Meu caríssimo Leitor... agradeço parte das coisas que escreveu, embora outra parte me seja um tanto desagradável de ler, gosto de críticas... bom, mas não sei se vc leu tudo o que comentou, caso não o tenha feito, adianto que eu não "me coloco" como uma mulher encantadora, inesquecível etc. Primeiro, a maior parte dos textos é ficcional (e acho que isso não só os alunos de letras notaram) e os que não o são, não necessariamente são autobiográficos, portanto, não me entenda como uma pessoa autoelogiosa, isso foi inferência sua. Os únicos textos não inteiramente ficcionais, o que tbm não significa que não sejam alterados, são os que pertencem ä série DOs Diálogos Memoráveis e no primeiro post da série eu expliquei que se tratariam de diálogos vividos por mim ou que me foram narrados, ou seja, vc está tirando suas conclusões baseado em impressões suas, cuidado pra não se enganar.

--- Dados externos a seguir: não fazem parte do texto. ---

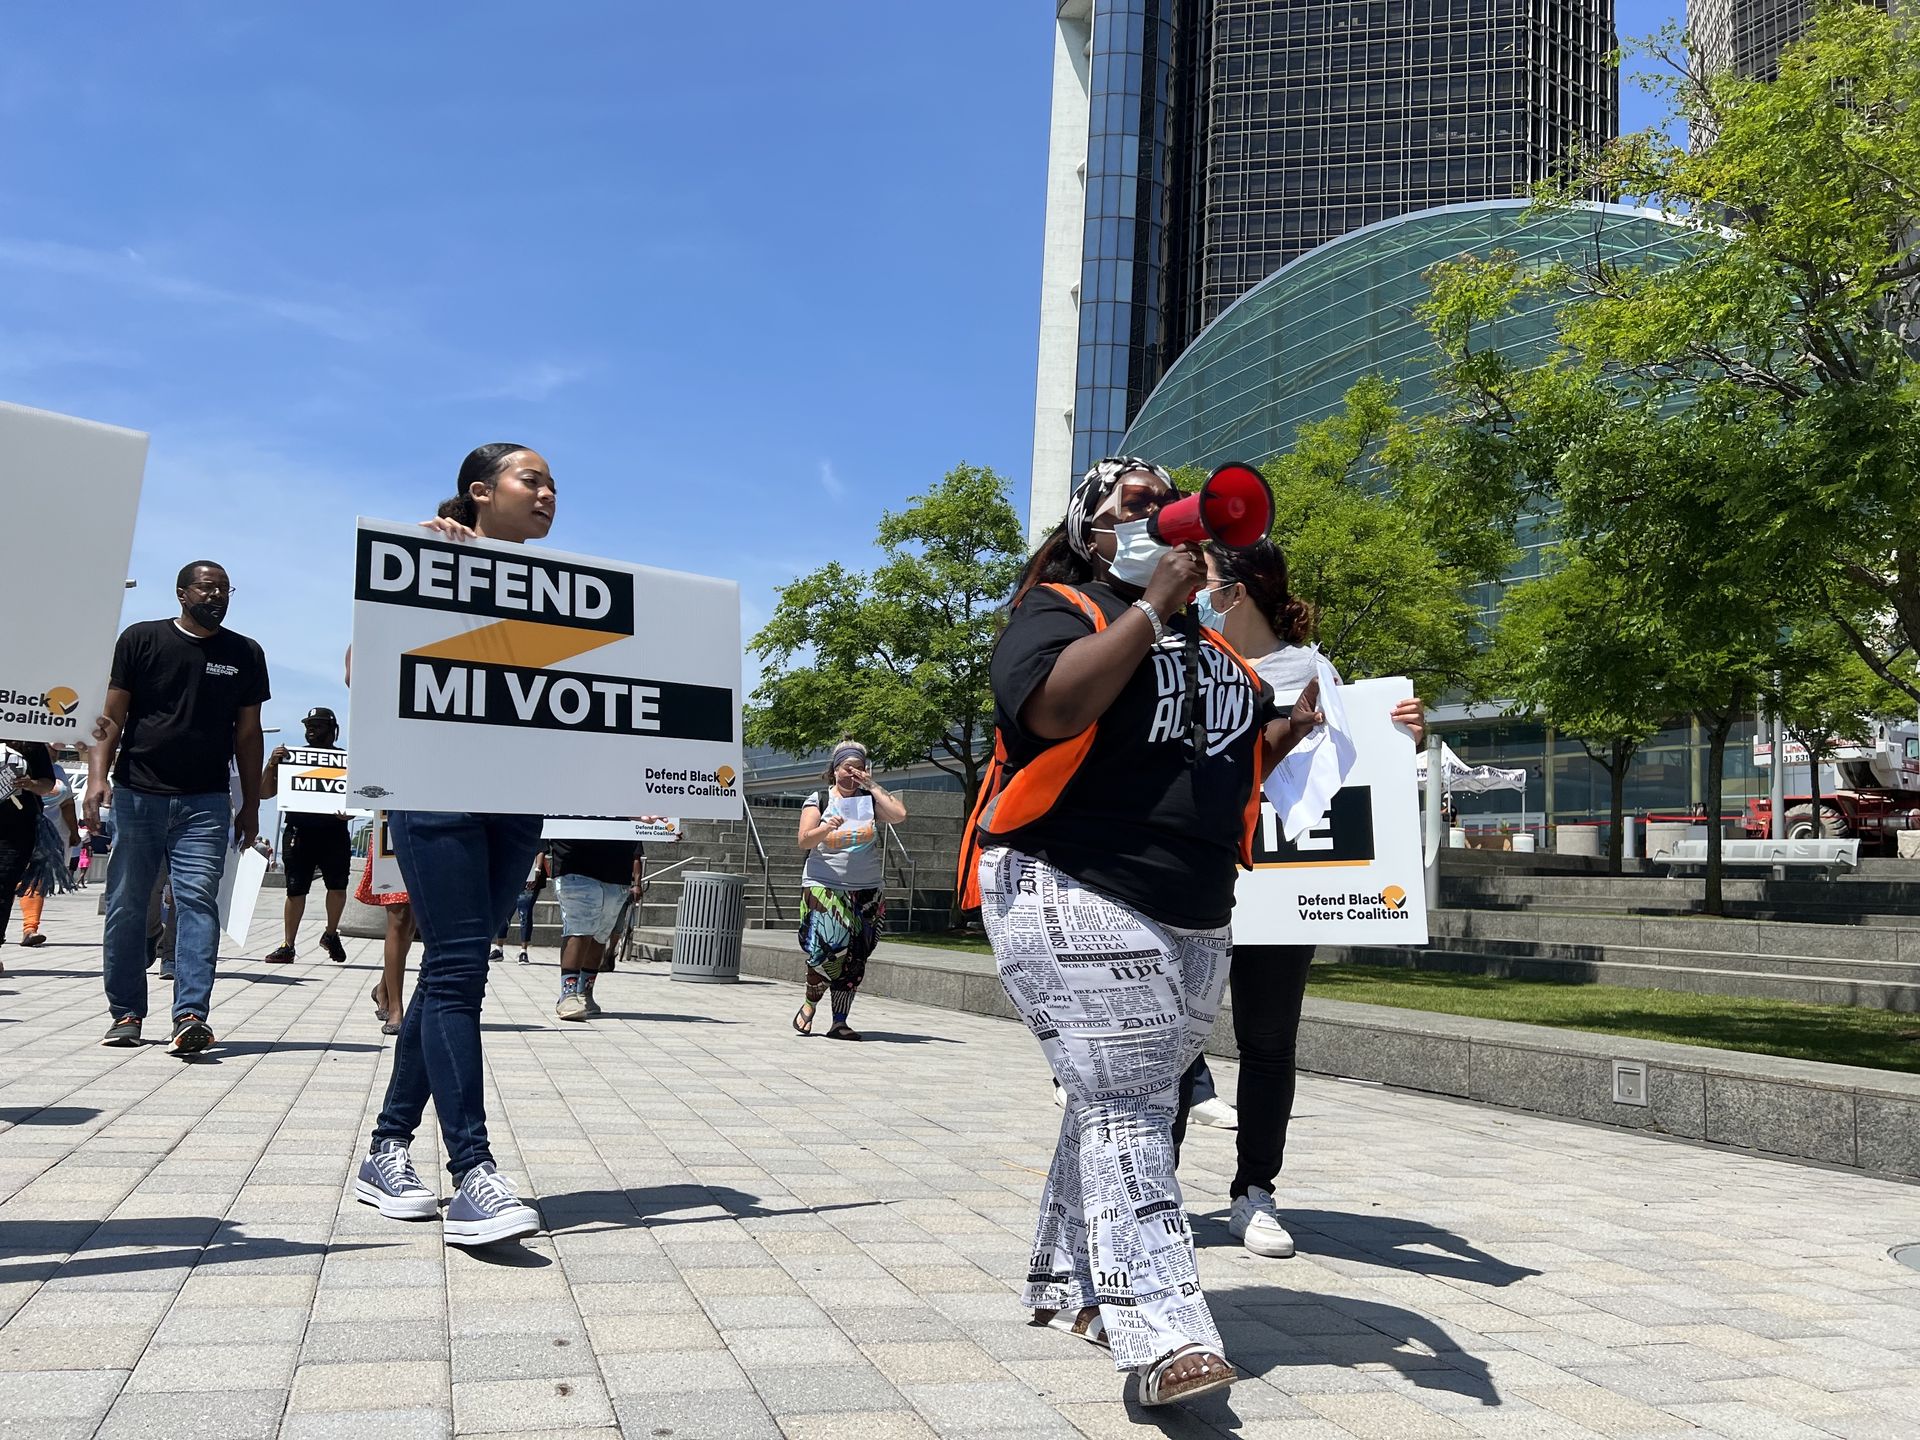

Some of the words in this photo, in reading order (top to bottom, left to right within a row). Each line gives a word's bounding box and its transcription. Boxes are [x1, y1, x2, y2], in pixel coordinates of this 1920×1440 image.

[369, 540, 612, 620] DEFEND
[413, 662, 487, 717] MI
[503, 671, 661, 731] VOTE
[645, 767, 687, 782] Defend
[690, 769, 721, 784] Black
[295, 778, 317, 791] MI
[321, 780, 346, 792] VO
[645, 782, 685, 796] Voters
[687, 784, 737, 798] Coalition
[1017, 857, 1039, 896] Dail
[1298, 894, 1345, 906] Defend
[1349, 892, 1387, 905] Black
[1043, 906, 1059, 924] WAR
[1298, 909, 1344, 921] Voters
[1347, 907, 1409, 920] Coalition
[1047, 926, 1069, 949] ENDS!
[1070, 933, 1123, 943] EXTRA!
[1074, 942, 1128, 951] EXTRA!
[1132, 957, 1164, 965] STREET
[1117, 1013, 1177, 1031] Daily
[1093, 1059, 1107, 1089] Breaking
[1094, 1088, 1135, 1100] ORLD
[1119, 1151, 1134, 1175] WAR
[1123, 1174, 1143, 1203] ENDS!
[1136, 1294, 1155, 1303] NEW
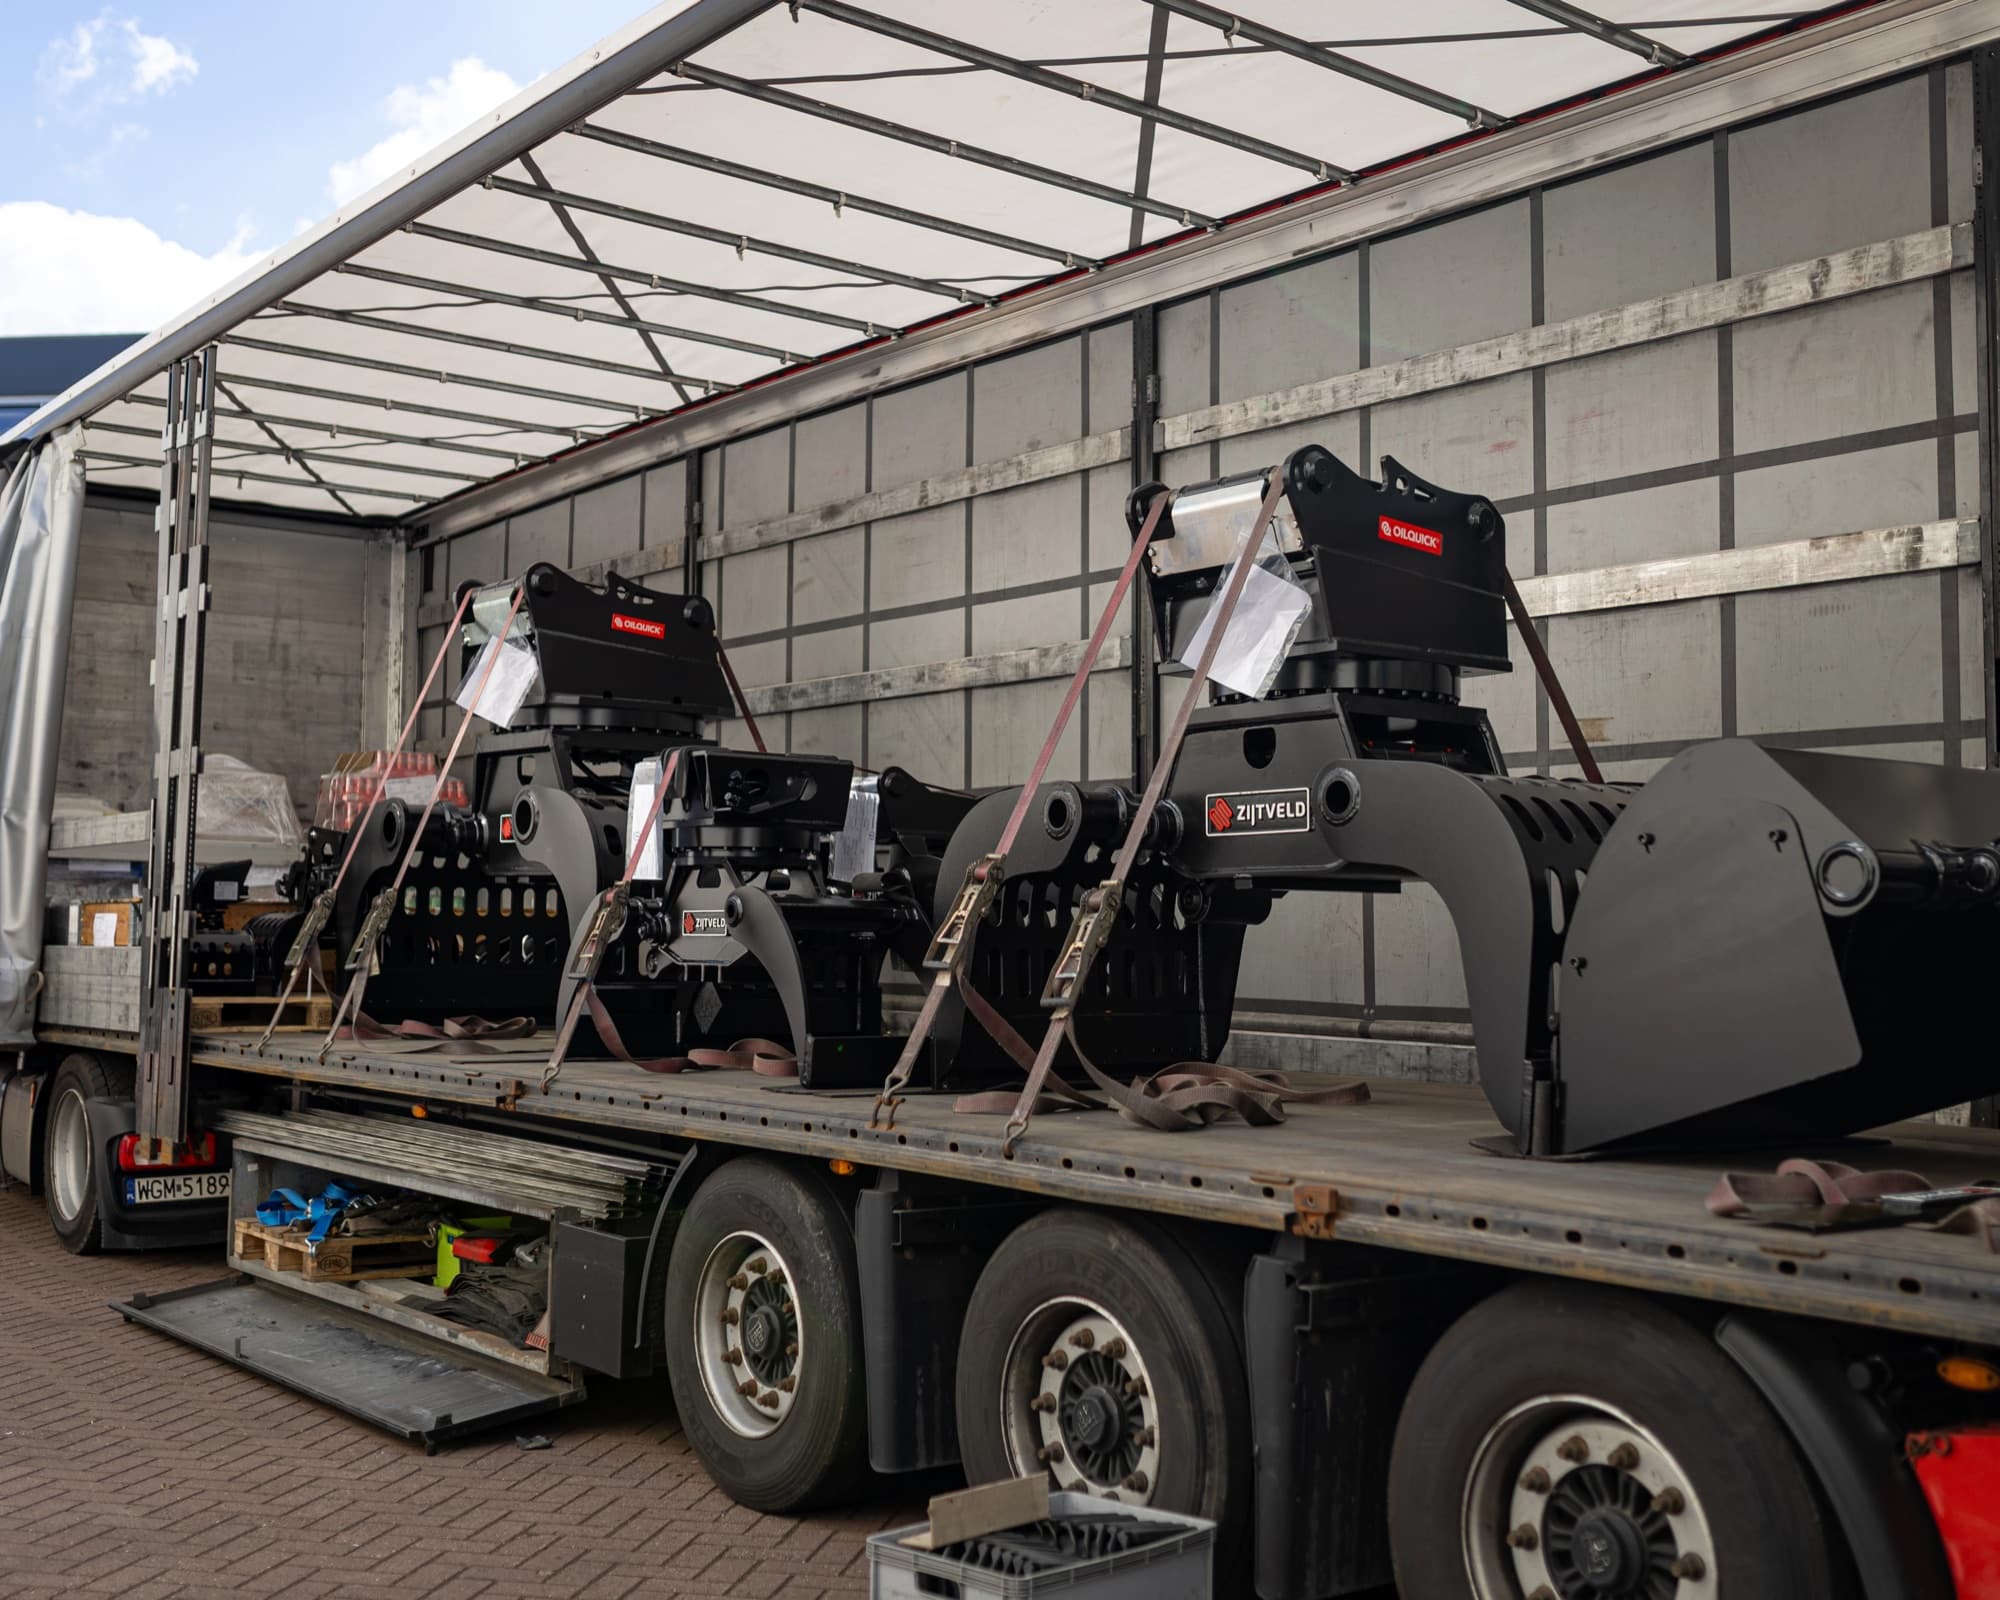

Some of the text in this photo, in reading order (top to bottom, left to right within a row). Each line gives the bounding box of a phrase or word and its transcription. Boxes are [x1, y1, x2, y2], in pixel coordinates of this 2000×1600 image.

[1392, 525, 1437, 549] OILQUICK
[623, 620, 660, 635] OILQUICK
[1236, 801, 1306, 827] ZIJTVELD
[695, 917, 726, 931] ZIJTVELD
[137, 1178, 176, 1201] WGM

Agradeço a visita e vc está convidado a aparecer sempre que quiser. À vontade. Só gostaria que se identificasse, para que eu não fique a falar com quem não sei, embora faça alguma idéia,acho, quem é.

La Maya disse...

Olha! Fomos elevados ao status de estudantes de Letras é? Coisa boa...

Anônimo disse...

Cara Jô,

Que bom que tenha acatado a minha sugestão. Fica o belíssimo post, com uma belíssima imagem e um belíssimo título. Poderia ser maior, sim, mas a essência ficou transparente. E isso já basta.

Que 2008 continue cheio de letras para você! Fico te devendo uma visita para ler os posts mais recentes...

Anônimo disse...

Cara autora.

Meus comentários não tinham a intenção de desgradá-la. Perdoe-me. É apenas uma comparação com um dos meus autores preferidos. Nas entrelinhas, sua verve me fez tão bem quanto a dele ou ainda está tão boa quanto a do nosso Nelson.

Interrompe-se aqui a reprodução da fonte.